Menos premissas internas, mais zíper onde o cliente quer zíper
A lição de Nova York é: pare de tentar controlar o externo e comece a controlar a sua capacidade de ouvir o seu cliente
Se você, assim como eu, viveu os anos 2000, a imagem da Abercrombie & Fitch está gravada na sua memória: lojas mais escuras, cheiro de perfume marcante (não necessariamente bom), vendedores jovens e uma estética de exclusividade que, com o tempo, revelou-se tóxica. De queridinha da classe média a protagonista de documentários sobre gordofobia e discriminação, a marca parecia fadada ao fim.
Mas aí, corta para 2026, no palco principal da NRF com destaque e um novo posicionamento. A mesma Abercrombie recebe o prêmio de “Visionária do Ano” e ostenta 11 trimestres consecutivos de crescimento recorde. Como? A resposta da CEO Fran Horowitz foi profunda, mas bastante didática em como reverteu o jogo: “A mudança não veio de dentro para fora. Veio de fora para dentro”.
A grande sacada da virada da Abercrombie não foi uma tecnologia disruptiva ou um algoritmo secreto. Foi algo muito mais raro no C-Level: a coragem de calar a boca e ouvir. Pesado, né? Mas isso vale muito.
A marca precisa gerar apego, precisa gerar emocional
Muitas marcas deixam saudade mesmo ainda existindo. Por quê? Porque elas perdem a alma, o propósito e a conexão enquanto ainda ocupam metros quadrados em lojas vazias…
A Abercrombie estava viva, mas ninguém sentia saudade (se é que alguém ainda se lembrava dela). O cliente já sabia o que queria, a marca é que tinha parado de entender. Enquanto a matriz insistia em impor o que era “cool”, o público pedia o óbvio. Horowitz contou que, por anos, a marca ignorou que as pessoas queriam jeans com zíper, não com botões. Quando finalmente deixaram o ego de lado e colocaram o zíper, as vendas de jeans explodiram.
O varejo de 2026 não é sobre ditar o que as pessoas devem usar; é sobre ser a infraestrutura que atende ao que elas já decidiram ser. E os canais para essa conversa direta com o consumidor estão escancarados, como o Reddit. É uma mina de ouro para as marcas.
“Eu adoro estar errada”
Essa frase de Fran Horowitz deveria ser o novo mantra do marketing. No varejo, o erro é uma unidade de medida de aprendizado. Para mudar a cultura, ela minimizou a hierarquia e criou rituais onde o time podia apostar contra as previsões dela.

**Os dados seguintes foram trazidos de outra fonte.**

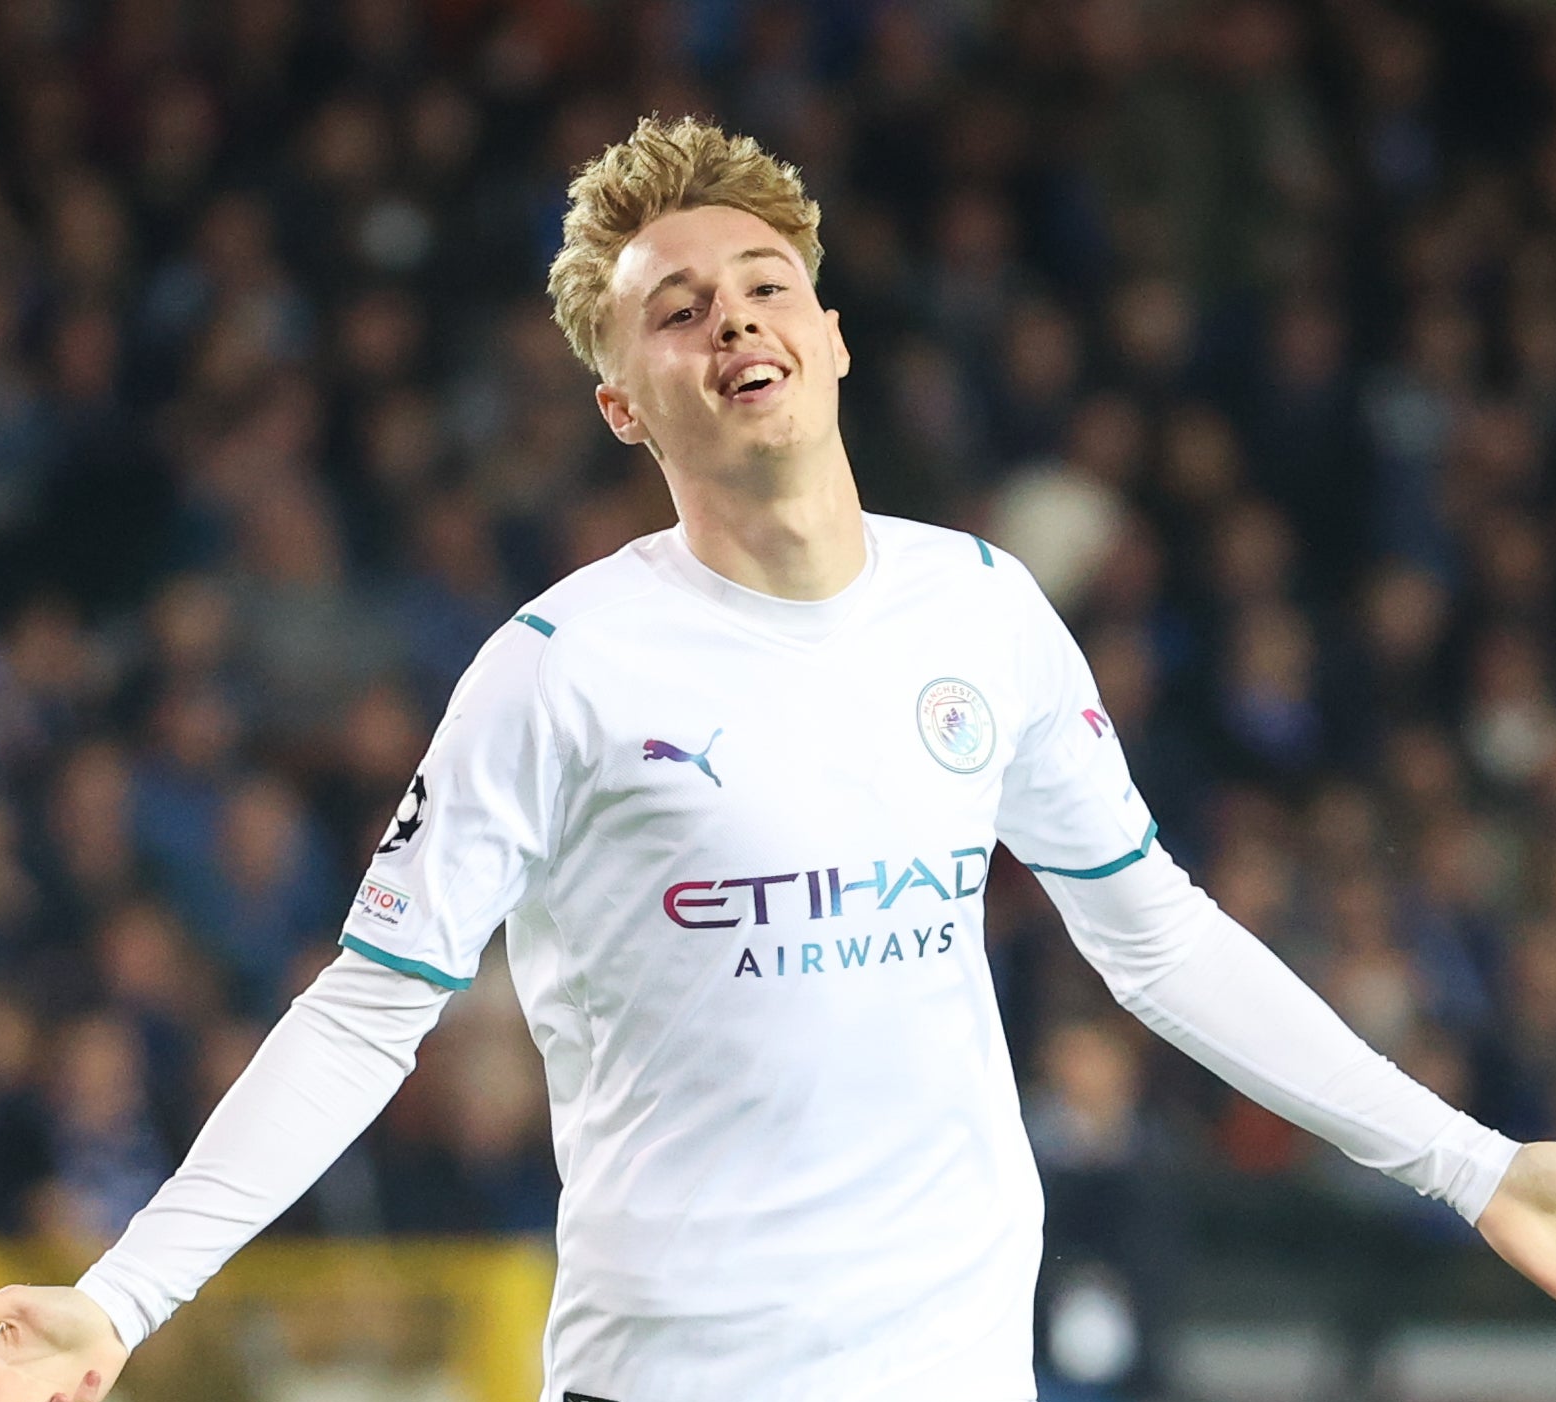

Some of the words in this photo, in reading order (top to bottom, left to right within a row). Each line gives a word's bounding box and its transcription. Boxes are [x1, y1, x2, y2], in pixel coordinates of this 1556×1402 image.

[923, 685, 984, 715] MANCHESTER
[955, 756, 977, 767] CITY
[663, 846, 988, 929] ETIHAD
[734, 922, 954, 978] AIRWAYS

Para uma marca em crise, o maior erro é tentar parecer “moderninha” antes de corrigir o caráter. A Abercrombie trocou o lugar de fala pelo lugar de escuta. Tornou-se inclusiva não por marketing, mas por sobrevivência. Separou a Hollister da Abercrombie para dar clareza ao público e foco ao time. Em vez de ser uma “operadora de lojas”, tornou-se uma construtora de ecossistema, licenciando novas frentes e investindo em dados apenas quando a casa já estava limpa.

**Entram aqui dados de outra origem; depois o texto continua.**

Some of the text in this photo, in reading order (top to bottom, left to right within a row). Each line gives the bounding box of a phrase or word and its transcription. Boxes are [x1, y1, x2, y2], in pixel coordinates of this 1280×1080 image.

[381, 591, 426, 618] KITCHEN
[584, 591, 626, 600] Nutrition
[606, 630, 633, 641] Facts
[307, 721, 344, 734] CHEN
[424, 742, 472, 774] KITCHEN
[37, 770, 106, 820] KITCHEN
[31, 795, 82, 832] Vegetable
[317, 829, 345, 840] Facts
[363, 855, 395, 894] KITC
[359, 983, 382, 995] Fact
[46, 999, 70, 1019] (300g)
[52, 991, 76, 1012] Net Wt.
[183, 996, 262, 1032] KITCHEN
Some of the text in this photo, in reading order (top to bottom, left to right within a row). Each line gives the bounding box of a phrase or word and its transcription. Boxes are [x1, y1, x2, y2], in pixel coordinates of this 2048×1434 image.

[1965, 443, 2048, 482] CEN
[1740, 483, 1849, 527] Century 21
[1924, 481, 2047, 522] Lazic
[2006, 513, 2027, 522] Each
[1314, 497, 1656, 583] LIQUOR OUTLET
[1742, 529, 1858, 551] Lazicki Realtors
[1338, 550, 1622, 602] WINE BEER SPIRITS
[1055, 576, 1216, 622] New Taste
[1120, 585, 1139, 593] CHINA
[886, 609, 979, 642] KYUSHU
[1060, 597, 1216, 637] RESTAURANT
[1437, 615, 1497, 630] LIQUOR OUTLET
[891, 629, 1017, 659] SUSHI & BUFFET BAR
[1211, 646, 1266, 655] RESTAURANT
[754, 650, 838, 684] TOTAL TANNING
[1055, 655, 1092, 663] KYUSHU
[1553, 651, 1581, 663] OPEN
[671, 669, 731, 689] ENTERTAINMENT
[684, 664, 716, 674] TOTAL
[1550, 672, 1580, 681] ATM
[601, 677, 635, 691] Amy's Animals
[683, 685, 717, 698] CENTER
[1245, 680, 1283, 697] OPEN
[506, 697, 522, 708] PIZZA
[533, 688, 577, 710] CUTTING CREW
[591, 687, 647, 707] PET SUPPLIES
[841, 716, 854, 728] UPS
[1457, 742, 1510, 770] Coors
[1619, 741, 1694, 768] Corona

O varejo brasileiro e a arte de focar no que é possível
Se a Abercrombie precisou de humildade para voltar ao jogo na maior economia do mundo, imagine o tamanho da nossa necessidade, dentro do Brasil, de deixar o ego de lado. O jogo precisa ser jogado conforme a música.
A lição de Nova York é: pare de tentar controlar o externo e comece a controlar a sua capacidade de ouvir o seu cliente. Menos premissas internas, mais zíper onde o cliente quer zíper.
A Abercrombie não voltou porque ficou “fashion”. Ela voltou porque aceitou que o cliente é quem manda no inventário.